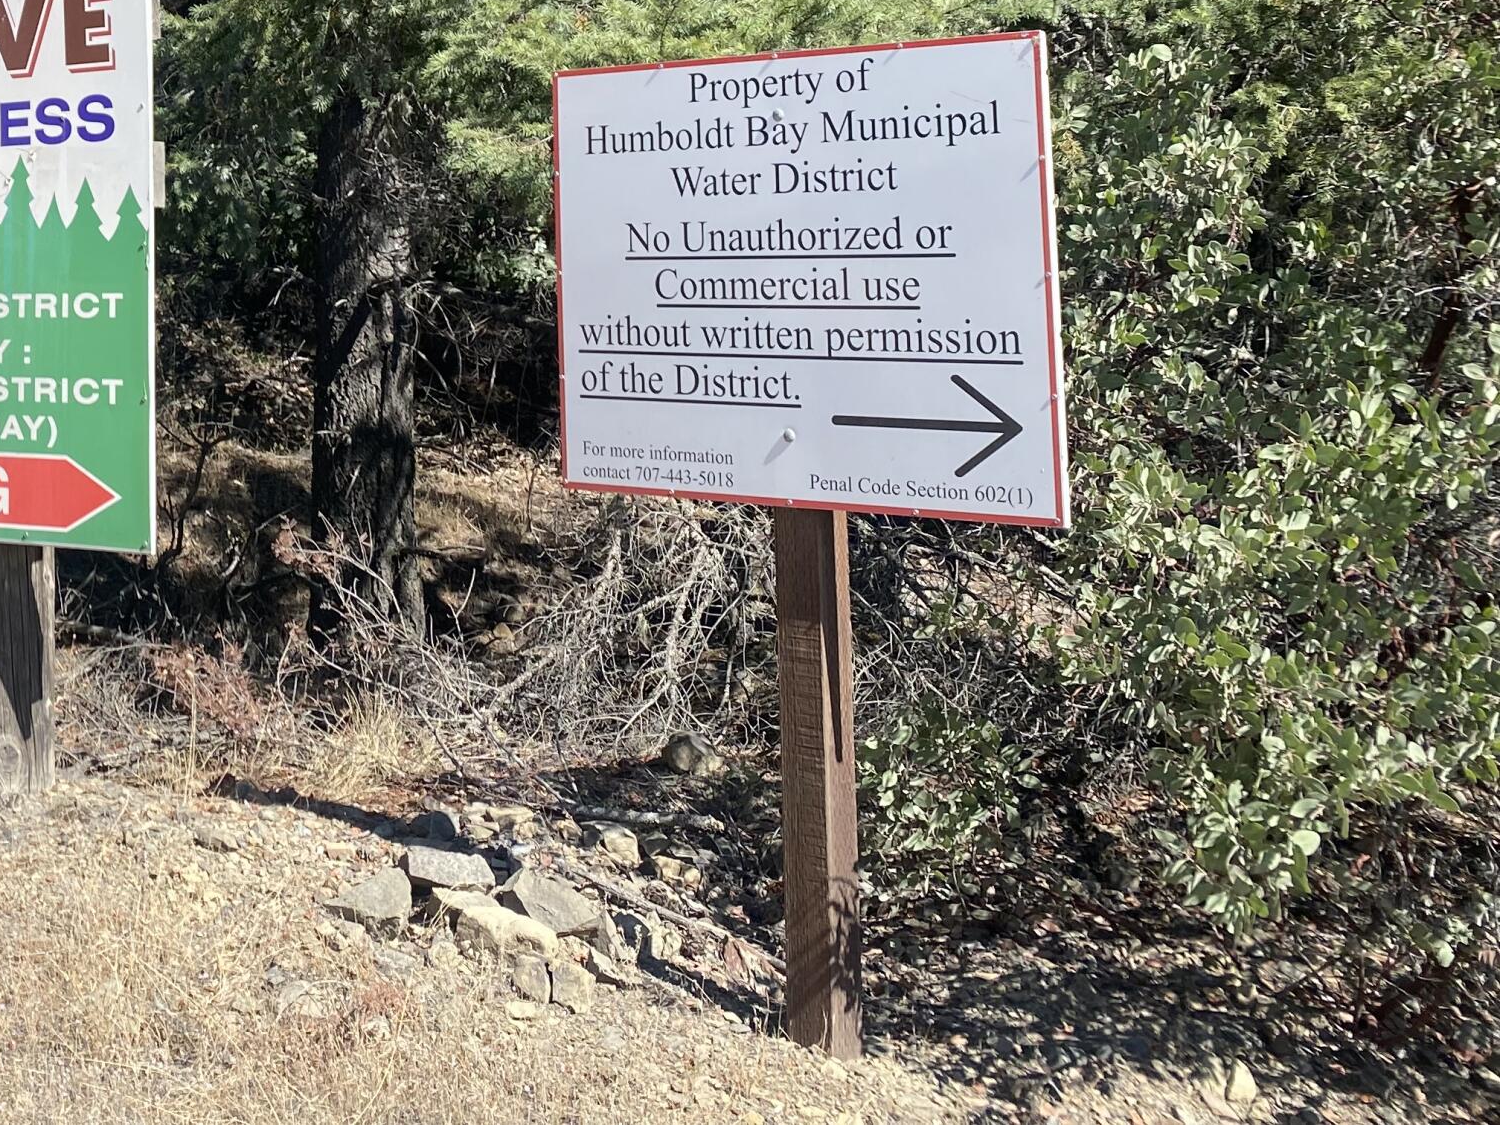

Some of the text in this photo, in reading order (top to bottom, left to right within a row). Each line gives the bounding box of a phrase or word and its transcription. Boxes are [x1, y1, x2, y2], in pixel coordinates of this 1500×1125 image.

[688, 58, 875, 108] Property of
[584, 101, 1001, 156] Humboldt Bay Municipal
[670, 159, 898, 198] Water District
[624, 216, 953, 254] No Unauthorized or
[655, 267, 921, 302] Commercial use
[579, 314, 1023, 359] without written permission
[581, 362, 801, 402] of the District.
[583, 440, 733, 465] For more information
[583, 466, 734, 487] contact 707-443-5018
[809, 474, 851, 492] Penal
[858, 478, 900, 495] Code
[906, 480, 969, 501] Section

=====

Task instructions » When you transcribe the lines above, keep every word exact but leave the pictures behind.

Reply »
Some of the text in this photo, in reading order (top to bottom, left to right within a row). Each line gives the bounding box of a phrase or word and its transcription. Boxes are [x1, y1, x2, y2], in pixel coordinates of this 1500×1125 image.

[688, 58, 875, 108] Property of
[584, 101, 1001, 156] Humboldt Bay Municipal
[670, 159, 898, 198] Water District
[624, 216, 953, 254] No Unauthorized or
[655, 267, 921, 302] Commercial use
[579, 314, 1023, 359] without written permission
[581, 362, 801, 402] of the District.
[583, 440, 733, 465] For more information
[583, 466, 734, 487] contact 707-443-5018
[809, 474, 851, 492] Penal
[858, 478, 900, 495] Code
[906, 480, 969, 501] Section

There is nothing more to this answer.